> [TASK TO CARRY OUT]:
Nothing in the records may be altered, and no picture may be included. Restate them in full.

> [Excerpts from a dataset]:
=== Section Start ===

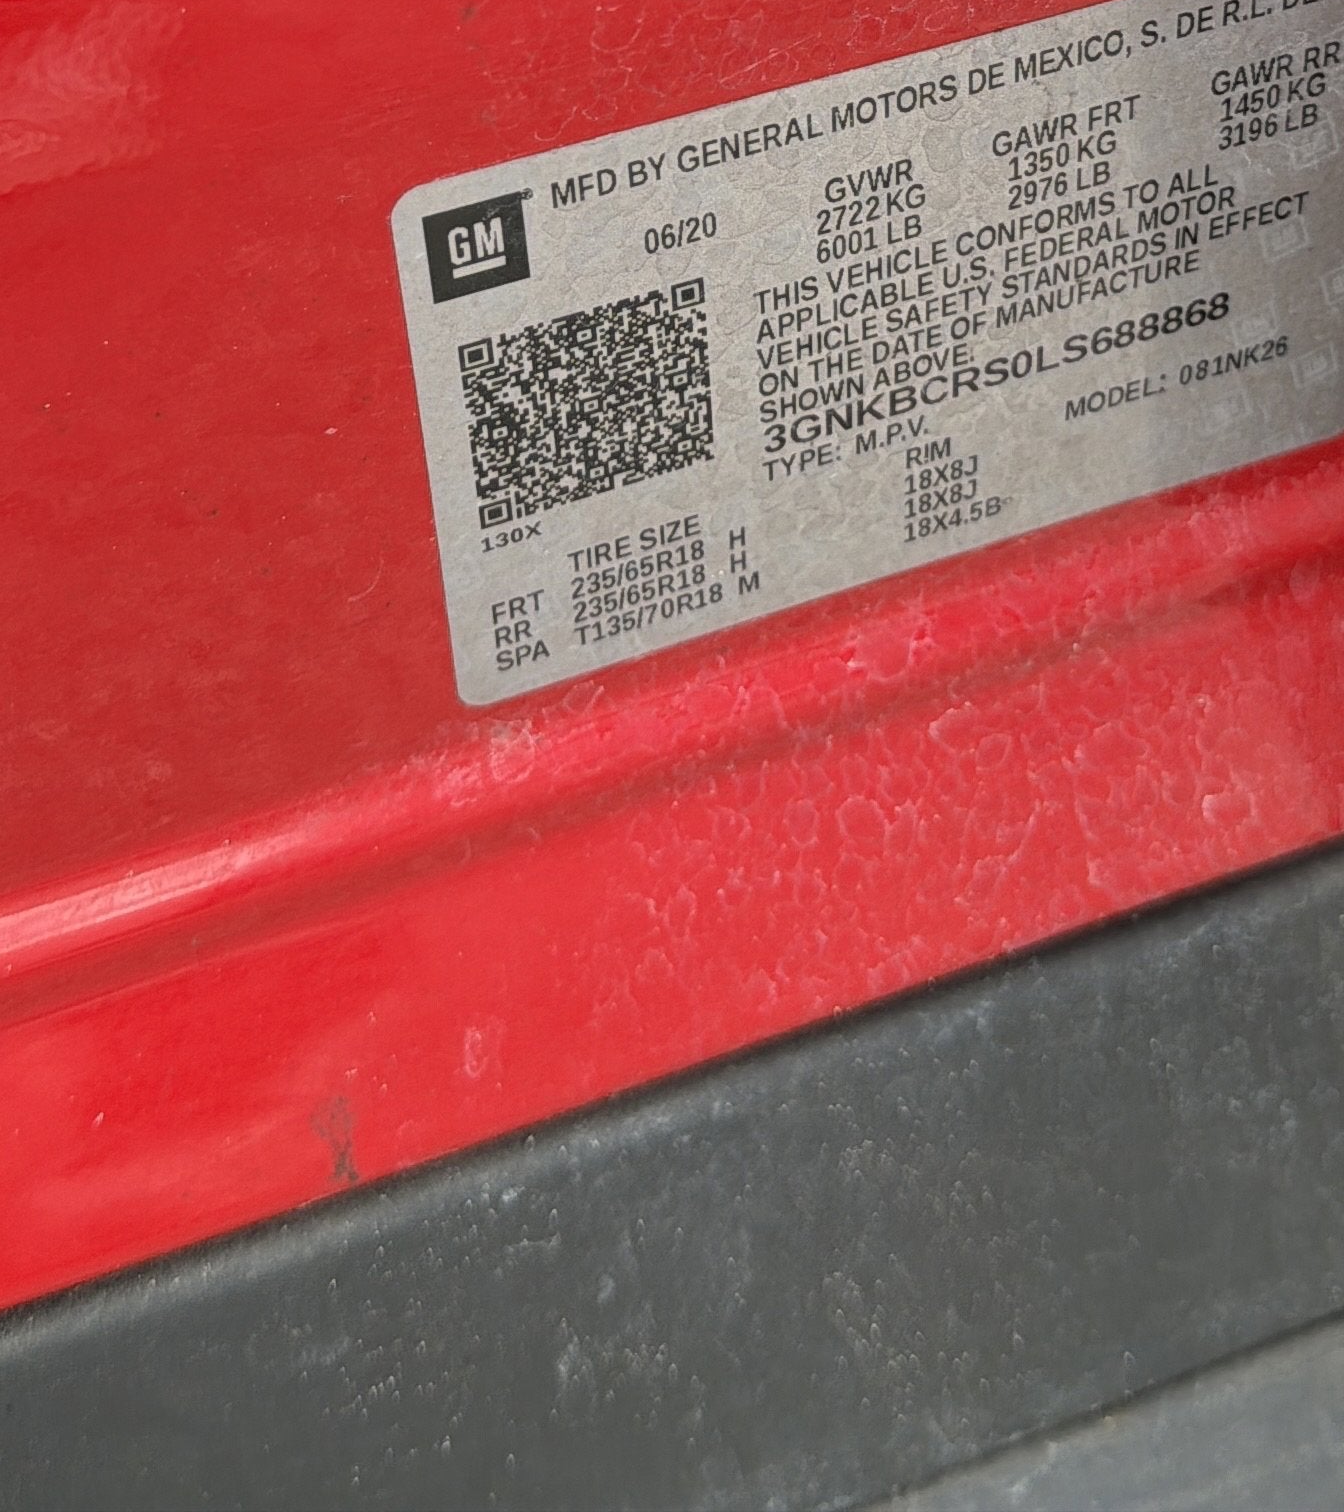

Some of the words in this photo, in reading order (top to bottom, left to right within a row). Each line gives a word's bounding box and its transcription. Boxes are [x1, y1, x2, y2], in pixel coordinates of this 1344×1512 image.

[1210, 53, 1294, 96] GAWR
[1302, 40, 1341, 73] RR
[1219, 83, 1282, 123] 1450
[1287, 71, 1326, 103] KG
[550, 168, 617, 209] MFD
[627, 152, 665, 188] BY
[676, 113, 824, 173] GENERAL
[831, 73, 958, 133] MOTORS
[968, 61, 1005, 96] DE
[1014, 29, 1132, 83] MEXICO,
[1140, 19, 1166, 48] S.
[1176, 4, 1214, 39] DE
[992, 112, 1077, 157] GAWR
[1088, 93, 1141, 132] FRT
[1218, 112, 1279, 151] 3196
[1284, 102, 1319, 133] LB
[824, 158, 913, 203] GVWR
[1008, 141, 1070, 182] 1350
[1077, 129, 1117, 162] KG
[1008, 171, 1068, 211] 2976
[1076, 160, 1111, 191] LB
[447, 216, 505, 266] GM
[643, 211, 717, 255] 06/20
[752, 275, 819, 314] THIS
[826, 238, 948, 294] VEHICLE
[955, 190, 1116, 257] CONFORMS
[1122, 178, 1160, 209] TO
[1167, 163, 1219, 198] ALL
[816, 195, 881, 236] 2722
[886, 183, 926, 216] KG
[816, 226, 879, 264] 6001
[886, 213, 922, 245] LB
[756, 270, 934, 344] APPLICABLE
[942, 255, 995, 289] U.S.
[1004, 216, 1130, 272] FEDERAL
[1137, 185, 1235, 234] MOTOR
[756, 314, 878, 370] VEHICLE
[885, 281, 992, 333] SAFETY
[1001, 230, 1167, 299] STANDARDS
[1174, 222, 1199, 250] IN
[1208, 190, 1310, 240] EFFECT
[758, 365, 799, 397] ON
[807, 346, 863, 383] THE
[872, 323, 943, 365] DATE
[950, 310, 986, 341] OF
[996, 248, 1201, 329] MANUFACTURE
[759, 373, 864, 424] SHOWN
[872, 342, 974, 391] ABOVE.
[764, 291, 1231, 453] 3GNKBCRS0LS688868
[1064, 373, 1167, 421] MODEL:
[1179, 334, 1289, 386] 081NK26
[761, 442, 841, 482] TYPE:
[855, 414, 929, 455] M.P.V.
[481, 520, 542, 553] 130X
[491, 588, 544, 625] FRT
[571, 539, 705, 600] 235/65R18
[728, 526, 746, 550] H
[904, 454, 978, 495] 18X8J
[494, 619, 532, 649] RR
[572, 563, 706, 624] 235/65R18
[729, 549, 747, 574] H
[904, 478, 977, 519] 18X8J
[566, 535, 632, 572] TIRE
[639, 514, 701, 551] SIZE
[495, 639, 550, 672] SPA
[573, 582, 723, 645] T135/70R18
[738, 570, 760, 595] M
[904, 495, 1002, 543] 18X4.5B

=== Section End ===

> [RESPONSE AREA]:
Some of the words in this photo, in reading order (top to bottom, left to right within a row). Each line gives a word's bounding box and its transcription. Boxes are [x1, y1, x2, y2], in pixel coordinates of this 1344×1512 image.

[1210, 53, 1294, 96] GAWR
[1302, 40, 1341, 73] RR
[1219, 83, 1282, 123] 1450
[1287, 71, 1326, 103] KG
[550, 168, 617, 209] MFD
[627, 152, 665, 188] BY
[676, 113, 824, 173] GENERAL
[831, 73, 958, 133] MOTORS
[968, 61, 1005, 96] DE
[1014, 29, 1132, 83] MEXICO,
[1140, 19, 1166, 48] S.
[1176, 4, 1214, 39] DE
[992, 112, 1077, 157] GAWR
[1088, 93, 1141, 132] FRT
[1218, 112, 1279, 151] 3196
[1284, 102, 1319, 133] LB
[824, 158, 913, 203] GVWR
[1008, 141, 1070, 182] 1350
[1077, 129, 1117, 162] KG
[1008, 171, 1068, 211] 2976
[1076, 160, 1111, 191] LB
[447, 216, 505, 266] GM
[643, 211, 717, 255] 06/20
[752, 275, 819, 314] THIS
[826, 238, 948, 294] VEHICLE
[955, 190, 1116, 257] CONFORMS
[1122, 178, 1160, 209] TO
[1167, 163, 1219, 198] ALL
[816, 195, 881, 236] 2722
[886, 183, 926, 216] KG
[816, 226, 879, 264] 6001
[886, 213, 922, 245] LB
[756, 270, 934, 344] APPLICABLE
[942, 255, 995, 289] U.S.
[1004, 216, 1130, 272] FEDERAL
[1137, 185, 1235, 234] MOTOR
[756, 314, 878, 370] VEHICLE
[885, 281, 992, 333] SAFETY
[1001, 230, 1167, 299] STANDARDS
[1174, 222, 1199, 250] IN
[1208, 190, 1310, 240] EFFECT
[758, 365, 799, 397] ON
[807, 346, 863, 383] THE
[872, 323, 943, 365] DATE
[950, 310, 986, 341] OF
[996, 248, 1201, 329] MANUFACTURE
[759, 373, 864, 424] SHOWN
[872, 342, 974, 391] ABOVE.
[764, 291, 1231, 453] 3GNKBCRS0LS688868
[1064, 373, 1167, 421] MODEL:
[1179, 334, 1289, 386] 081NK26
[761, 442, 841, 482] TYPE:
[855, 414, 929, 455] M.P.V.
[481, 520, 542, 553] 130X
[491, 588, 544, 625] FRT
[571, 539, 705, 600] 235/65R18
[728, 526, 746, 550] H
[904, 454, 978, 495] 18X8J
[494, 619, 532, 649] RR
[572, 563, 706, 624] 235/65R18
[729, 549, 747, 574] H
[904, 478, 977, 519] 18X8J
[566, 535, 632, 572] TIRE
[639, 514, 701, 551] SIZE
[495, 639, 550, 672] SPA
[573, 582, 723, 645] T135/70R18
[738, 570, 760, 595] M
[904, 495, 1002, 543] 18X4.5B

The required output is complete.